変形労働時間制の残業手当

なるほど労働基準法 > 労働時間 > 変形労働時間制の残業手当

【変形労働時間制の残業手当】の解説です

変形労働時間制を採用している場合に、正確に残業手当(時間外勤務手当)を計算しようとすると複雑になりますので、ここで解説しておきます。

普通の計算方法とは違うの?

原則的な労働時間制度の場合は、1日8時間、又は、1週40時間を超えた時間は全て時間外労働として、1.25倍の残業手当を支払うことになります。

変形労働時間制を採用している場合は、例えば、48時間の週があったとしても、その期間を平均して1週40時間以内だったら、時間外労働にはならないんだよね。

そのとおりです。
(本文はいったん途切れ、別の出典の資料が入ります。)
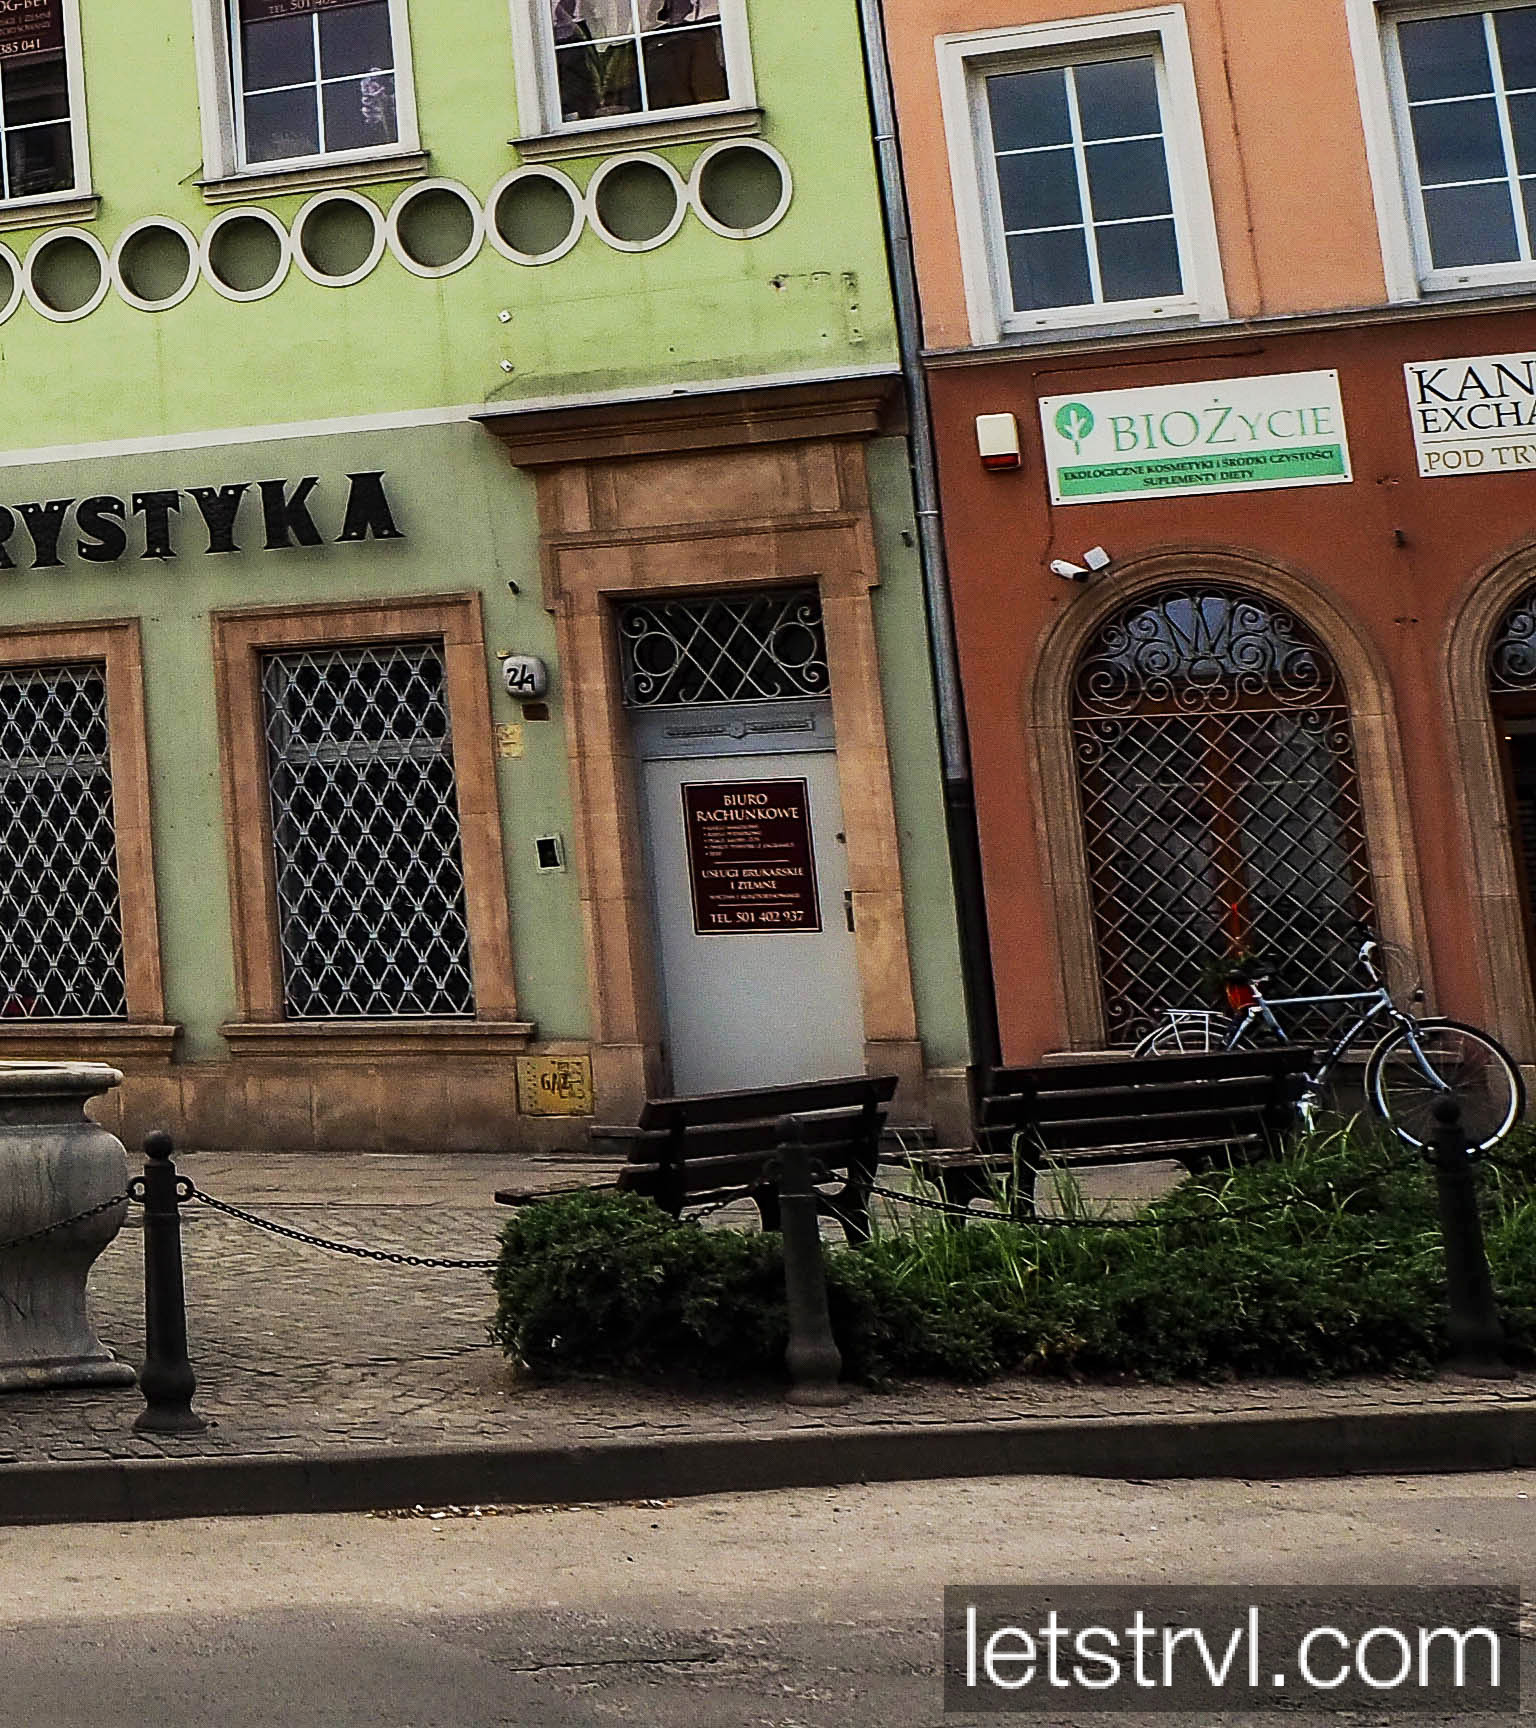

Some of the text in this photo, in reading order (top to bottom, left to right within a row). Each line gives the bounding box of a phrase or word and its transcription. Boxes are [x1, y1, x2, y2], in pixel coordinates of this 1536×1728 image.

[0, 41, 19, 56] 385
[21, 38, 41, 51] 041
[1424, 449, 1484, 470] POD
[1219, 468, 1255, 481] DIETY
[723, 793, 769, 807] BIURO
[696, 807, 800, 822] RACHUNKOWE
[737, 879, 777, 891] ZIEMNE
[736, 912, 755, 923] 501
[758, 911, 781, 922] 402
[783, 910, 805, 922] 937
それで、結果から言いますと、1年単位の変形労働時間制でも、1ヶ月単位の変形労働時間制でも、所定労働時間を超えて勤務した時間に対して残業手当を支払う方法が分かりやすくて良いと思います。

所定労働時間を超えて勤務した時間に対して、残業手当を支払う?

はい。これから説明しますけど、その方法が間違いが起きにくくて一番簡単です。

どういうこと?

労働基準法に基づいて残業時間(時間外労働の時間)計算しようとすると、次の3段階を踏むことになります。

3段階?

第1段として、次のとおり「1日ごとに計算する時間」があります。

  1. 所定労働時間が8時間を超える日(例えば9時間)は、所定労働時間(9時間)を超えた時間
  2. 所定労働時間が8時間以下の日(例えば7時間)は、8時間を超えた時間

その時間の合計が、時間外労働の時間ということね。

そうです。そして、第2段として、次のとおり「1週間ごとに計算する時間」があります。
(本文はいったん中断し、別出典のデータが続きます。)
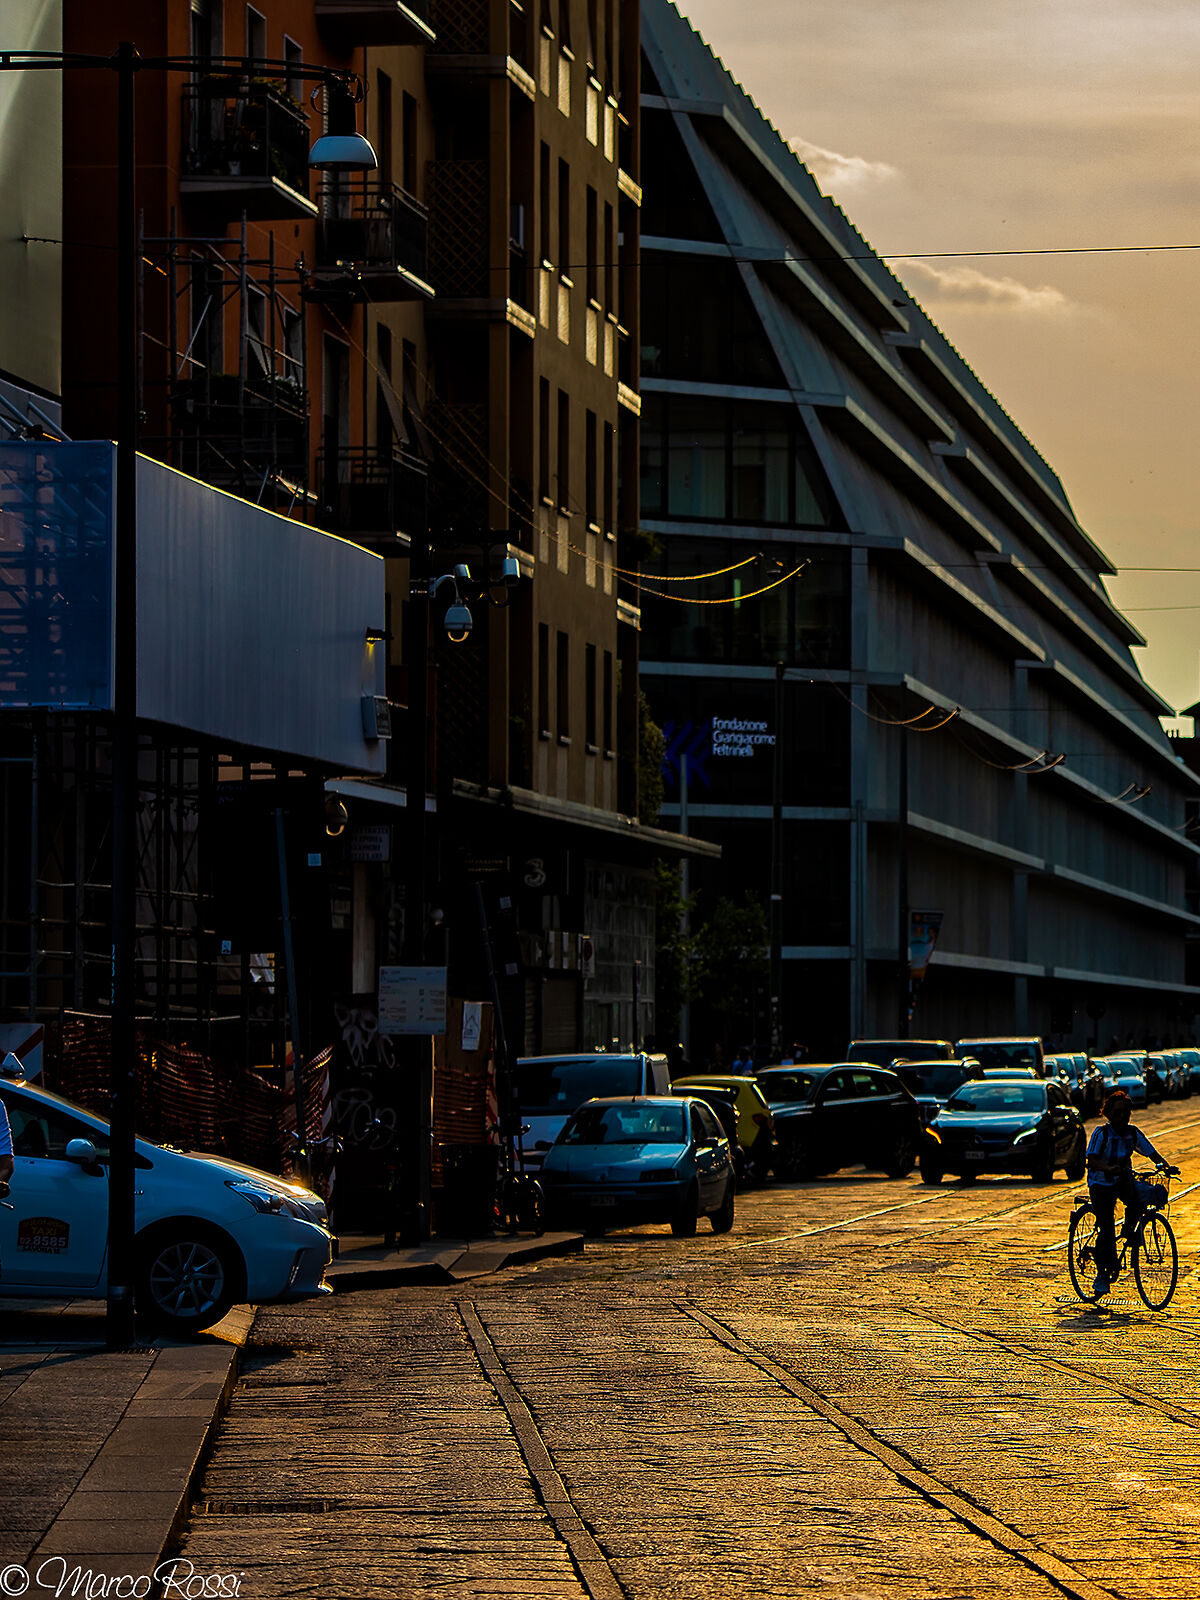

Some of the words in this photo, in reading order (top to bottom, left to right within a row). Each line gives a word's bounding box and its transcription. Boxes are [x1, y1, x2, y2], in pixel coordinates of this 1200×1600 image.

[712, 716, 768, 732] Fondazione
[712, 743, 754, 757] Feltrinelli
[32, 1226, 57, 1236] TAXI
[33, 1234, 67, 1248] 8585
  1. 所定労働時間が40時間を超える週(例えば48時間)は、所定労働時間(48時間)を超えた時間
  2. 所定労働時間が40時間以下の週(例えば35時間)は、40時間を超えた時間

「1日ごとに計算する時間」と重複しない?

重複している時間はカウントしませんので、1.と2.で重複している時間は除きます。最後に、第3段として、次のとおり「全期間で計算する時間」があります。

  1. 変形期間の法定労働時間の総枠を超えた時間

5つも計算してたら面倒だ。

重複している時間をミスしないで除けるかという心配もありますので、最初に言った方法で計算するのが一般的です。

何て言ってたっけ?

1ヶ月だったら1ヶ月間、1年だったら1年間を平均して、1週40時間以内に収まるよう所定労働時間を設定して、所定労働時間を超えて勤務した時間に対して残業手当を支払います。

その方法だと、たくさん残業手当を支払うことにならない?

そうなります。ですので、1週40時間をギリギリ超えないように、所定労働時間を設定するのがポイントです。

1週40時間ギリギリにすれば払い過ぎを抑えられる。